Carrot-Cranberry Spice Cake
I love carrot cake and those made with cranberries. Using leftover cranberry sauce, I add carrots to make one marvelous cake that’s tangy and sweet. —Elizabeth King, Duluth, Minnesota
Total TimePrep: 20 min. Bake: 50 min. + cooling
- 4 large eggs, room temperature
- 1 cup sugar
- 1 cup packed brown sugar
- 1 cup canola oil
- 1 cup whole-berry cranberry sauce
- 3 cups all-purpose flour
- 2 teaspoons baking powder
- 1 teaspoon baking soda
- 1/2 teaspoon salt
- 1/2 teaspoon ground nutmeg
- 1/2 teaspoon ground cloves
- 1 cup grated carrots (about 2 medium)
- 1 tablespoon confectioners' sugar
- Preheat oven to 350°. Grease and flour a 10-in. fluted tube pan.
- In a large bowl, beat eggs, sugar, brown sugar, oil and cranberry sauce until well blended.
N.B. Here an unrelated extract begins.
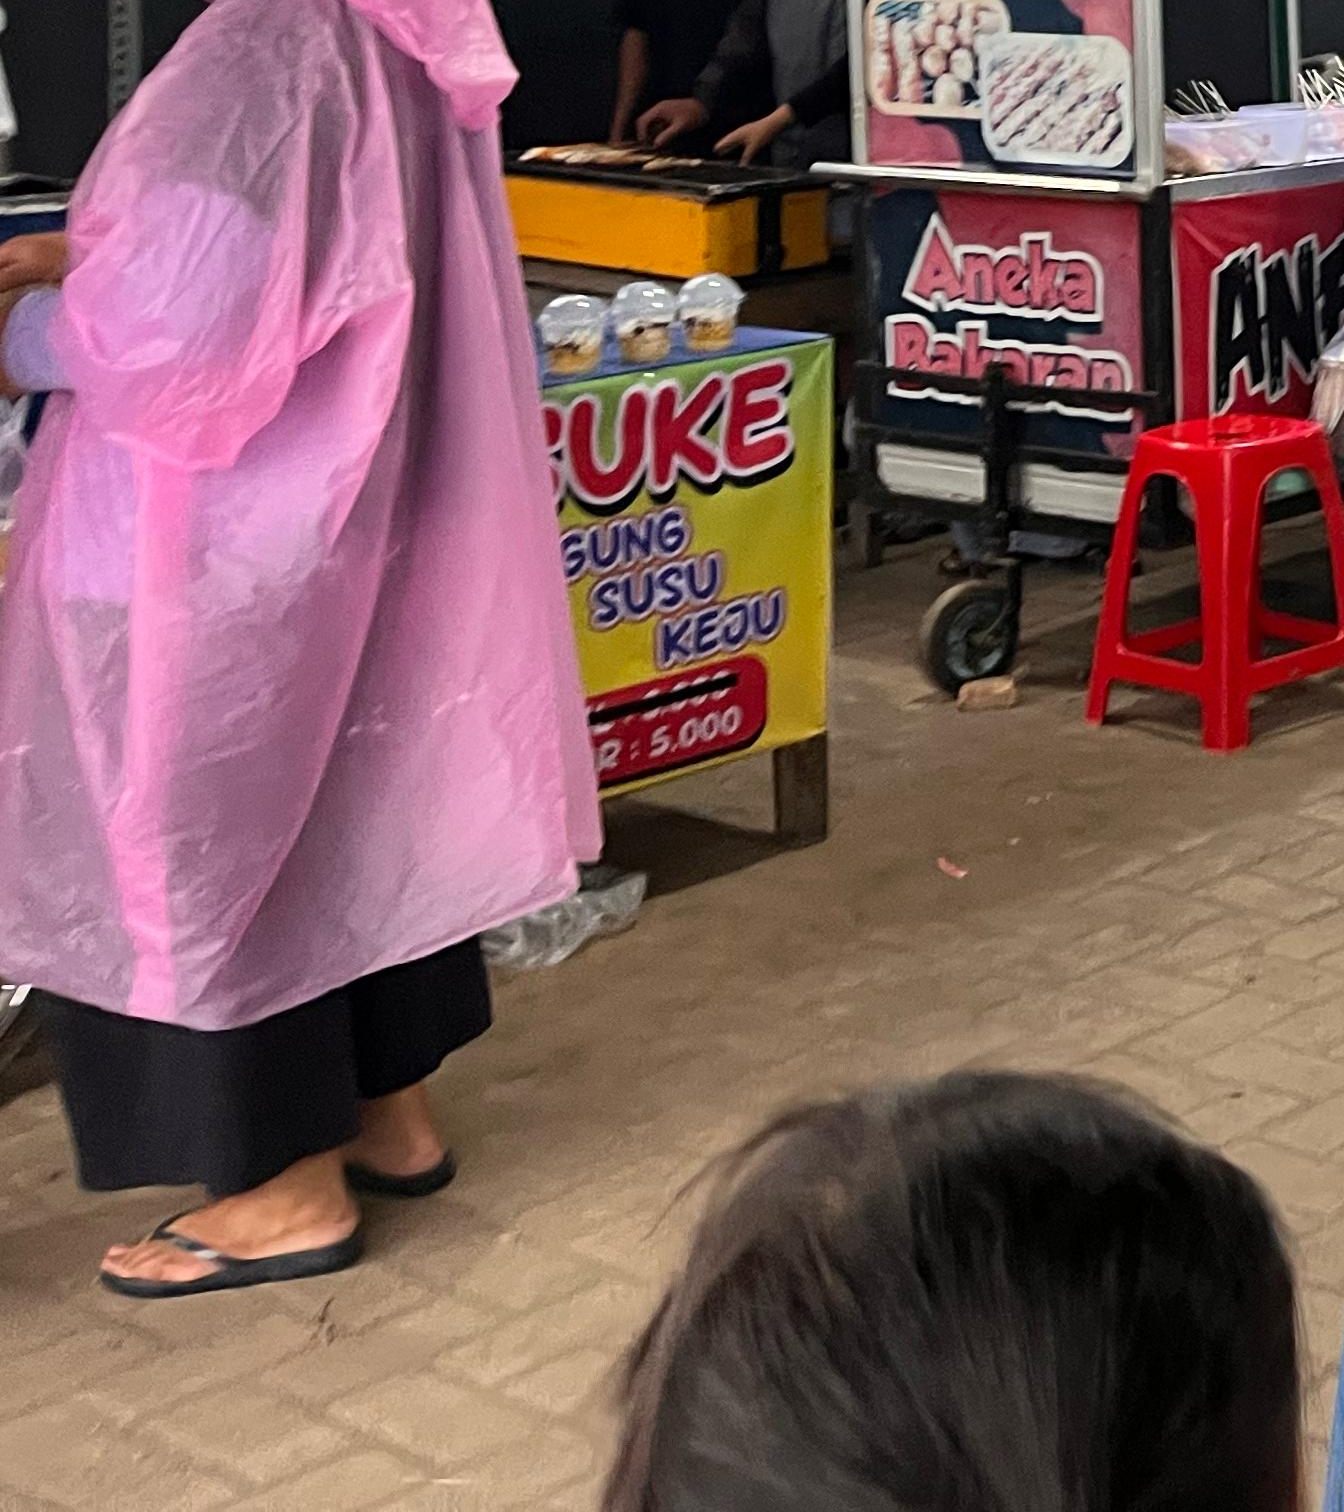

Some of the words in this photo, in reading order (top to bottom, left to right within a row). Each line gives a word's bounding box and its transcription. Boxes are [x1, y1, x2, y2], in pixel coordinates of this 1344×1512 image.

[902, 212, 1104, 322] Aneka
[592, 553, 723, 629] SUSU
[657, 591, 782, 666] KEJU
In another bowl, whisk flour, baking powder, baking soda, salt, nutmeg and cloves; gradually beat into cranberry mixture. Stir in carrots.
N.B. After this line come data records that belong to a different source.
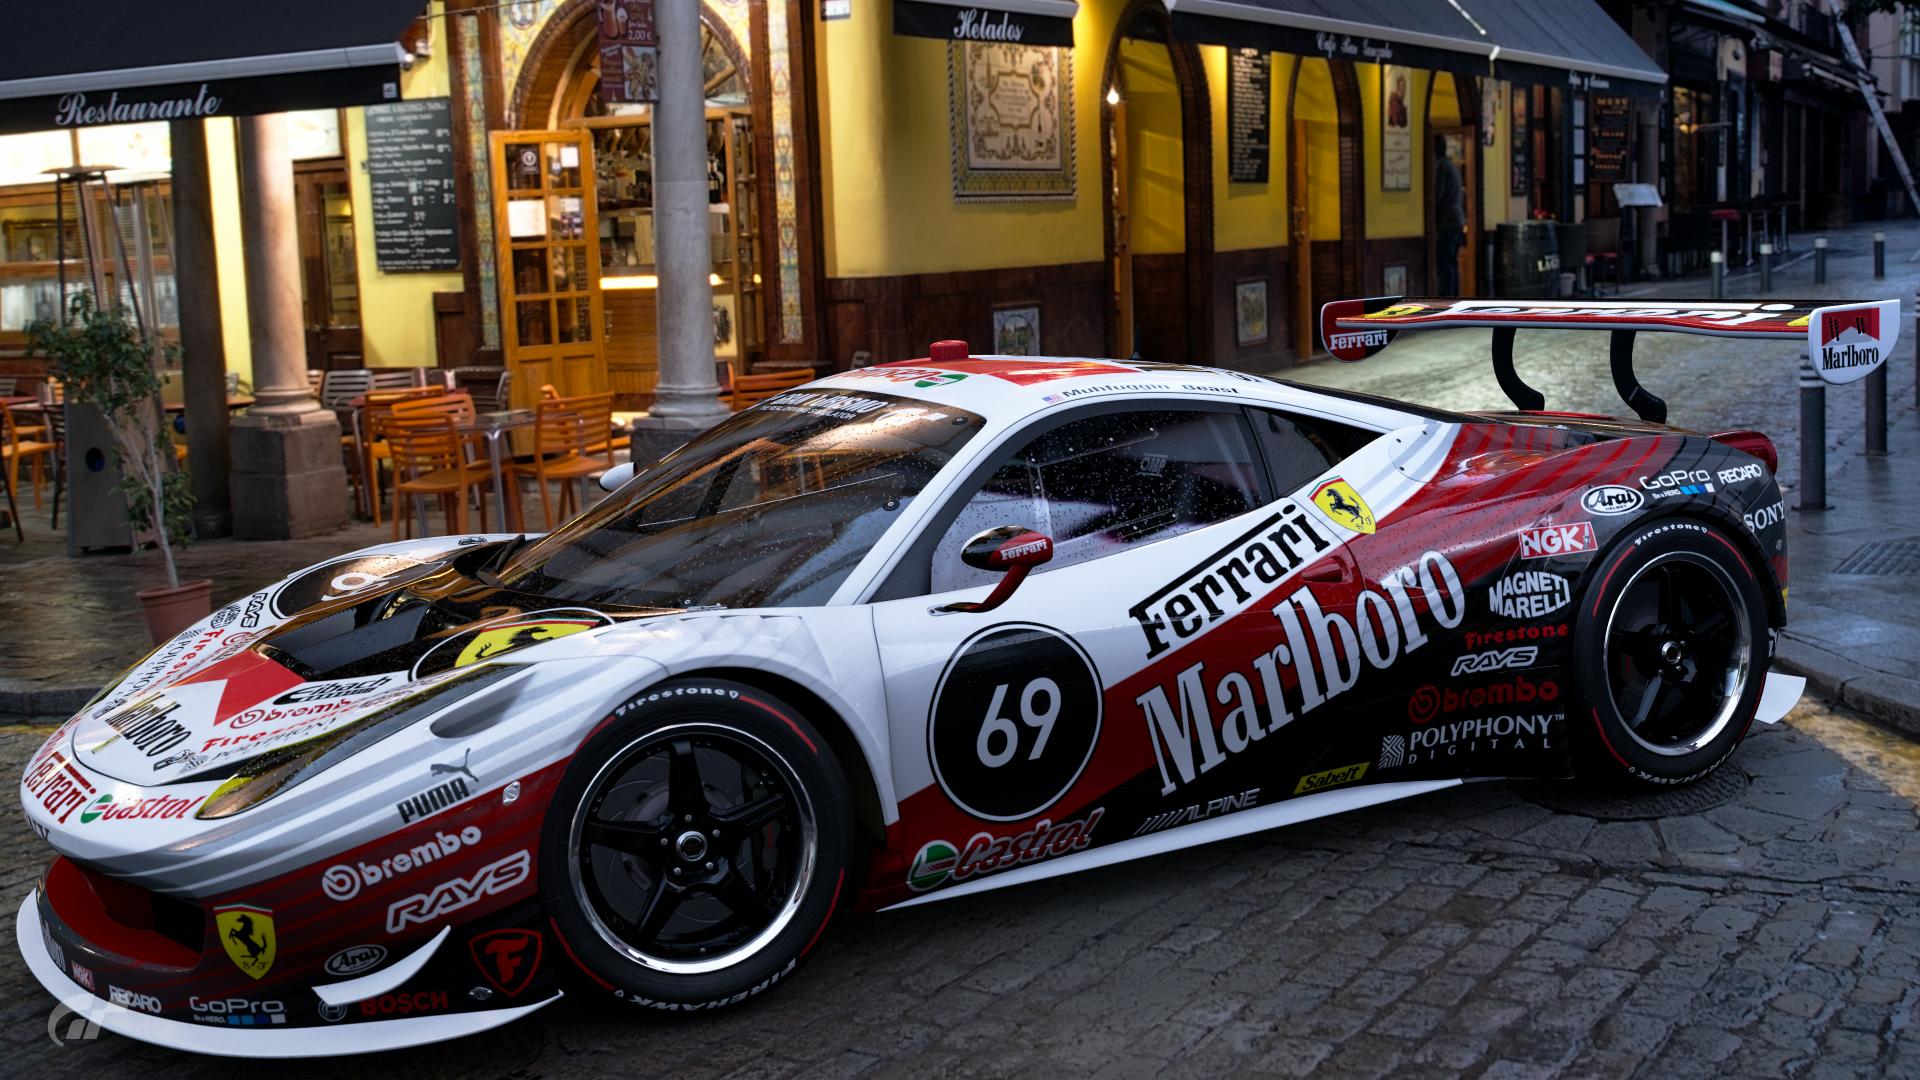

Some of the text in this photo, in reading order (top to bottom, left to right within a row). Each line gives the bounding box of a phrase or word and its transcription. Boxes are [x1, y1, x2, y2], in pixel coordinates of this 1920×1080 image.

[953, 9, 1024, 41] Helados
[54, 83, 223, 126] Restaurante
[1329, 330, 1389, 351] Ferrari
[1821, 344, 1880, 371] Marlboro
[1062, 382, 1240, 398] Muhfuggin Beast
[1639, 469, 1711, 490] GoPro
[1717, 463, 1762, 485] RECARO
[1588, 488, 1635, 509] Arai
[1743, 500, 1787, 534] SONY
[1522, 525, 1581, 557] NGK
[1634, 520, 1699, 547] Firestone
[1000, 538, 1048, 562] Ferrari
[1129, 504, 1332, 660] Ferrari
[1489, 571, 1570, 602] MAGNETI
[241, 592, 268, 628] RAYS
[1489, 592, 1570, 619] MARELLI
[1464, 622, 1569, 651] Firestone
[1136, 550, 1466, 798] Marlboro
[1450, 646, 1539, 677] RAYS
[273, 676, 393, 705] Eibach
[615, 686, 726, 717] Firestone
[1442, 676, 1560, 713] brembo
[976, 677, 1062, 768] 69
[1409, 713, 1555, 751] POLYPHONY
[23, 751, 98, 826] Ferrari
[1302, 764, 1361, 794] Sabelt
[101, 794, 208, 822] Castrol
[397, 776, 471, 825] PUMA
[1174, 788, 1262, 823] ALPINE
[362, 825, 483, 886] brembo
[951, 806, 1106, 881] Castrol
[386, 849, 532, 934] RAYS
[330, 947, 379, 973] Arai
[108, 984, 162, 1014] RECARO
[630, 957, 799, 1012] FIREHAWK
[189, 995, 286, 1014] GoPro
[360, 990, 450, 1017] BOSCH
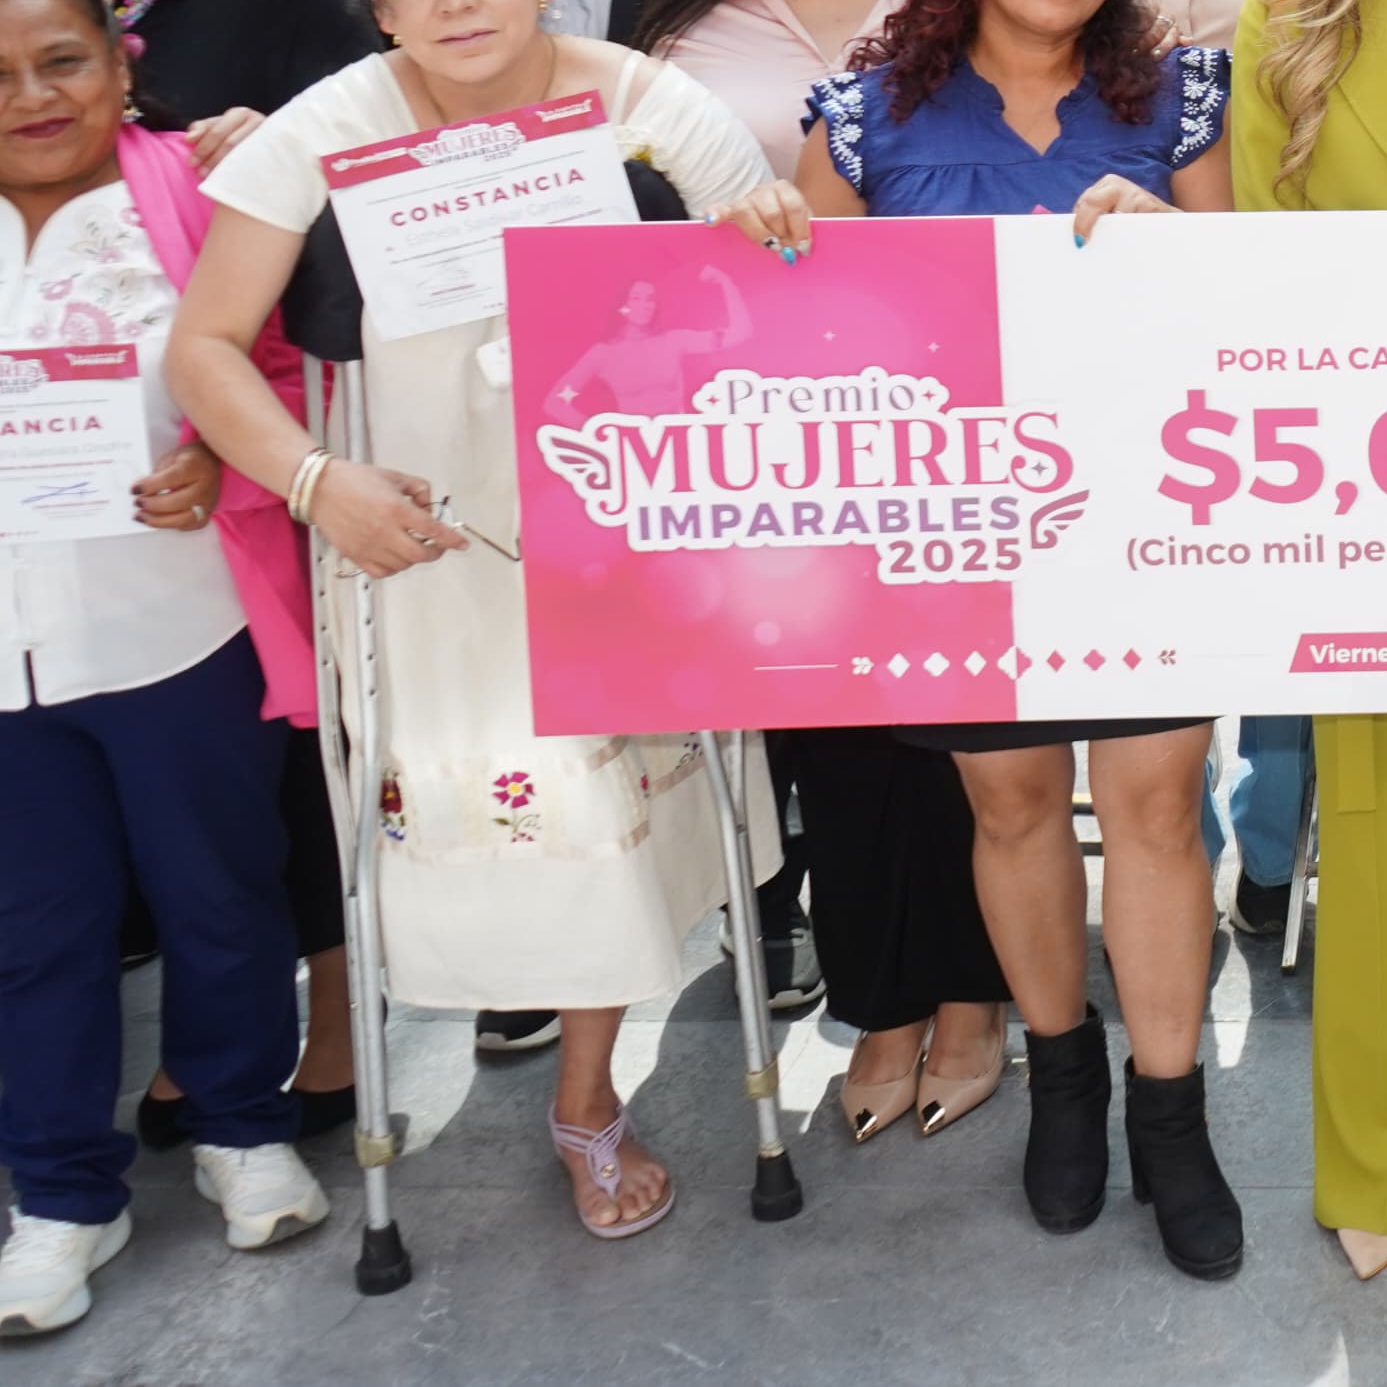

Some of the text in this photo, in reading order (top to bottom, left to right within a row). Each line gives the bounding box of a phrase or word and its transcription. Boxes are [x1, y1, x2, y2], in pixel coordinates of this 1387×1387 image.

[390, 167, 585, 228] CONSTANCIA
[1216, 347, 1288, 373] POR
[1298, 347, 1341, 371] LA
[727, 376, 916, 415] Premio
[0, 415, 103, 436] ANCIA
[598, 411, 1075, 515] MUJERES
[638, 495, 1022, 541] IMPARABLES
[889, 537, 1023, 574] 2025
[1126, 535, 1252, 571] (Cinco
[1262, 533, 1326, 565] mil
- Transfer to prepared pan. Bake 50-60 minutes or until a toothpick inserted in center comes out clean. Cool in pan 10 minutes before removing to a wire rack to cool completely. Sprinkle with confectioners' sugar.
Editor’s Note: To remove cakes easily, use solid shortening to grease plain and fluted tube pans.
Nutrition Facts1 slice: 358 calories, 15g fat (1g saturated fat), 47mg cholesterol, 248mg sodium, 52g carbohydrate (31g sugars, 1g fiber), 4g protein.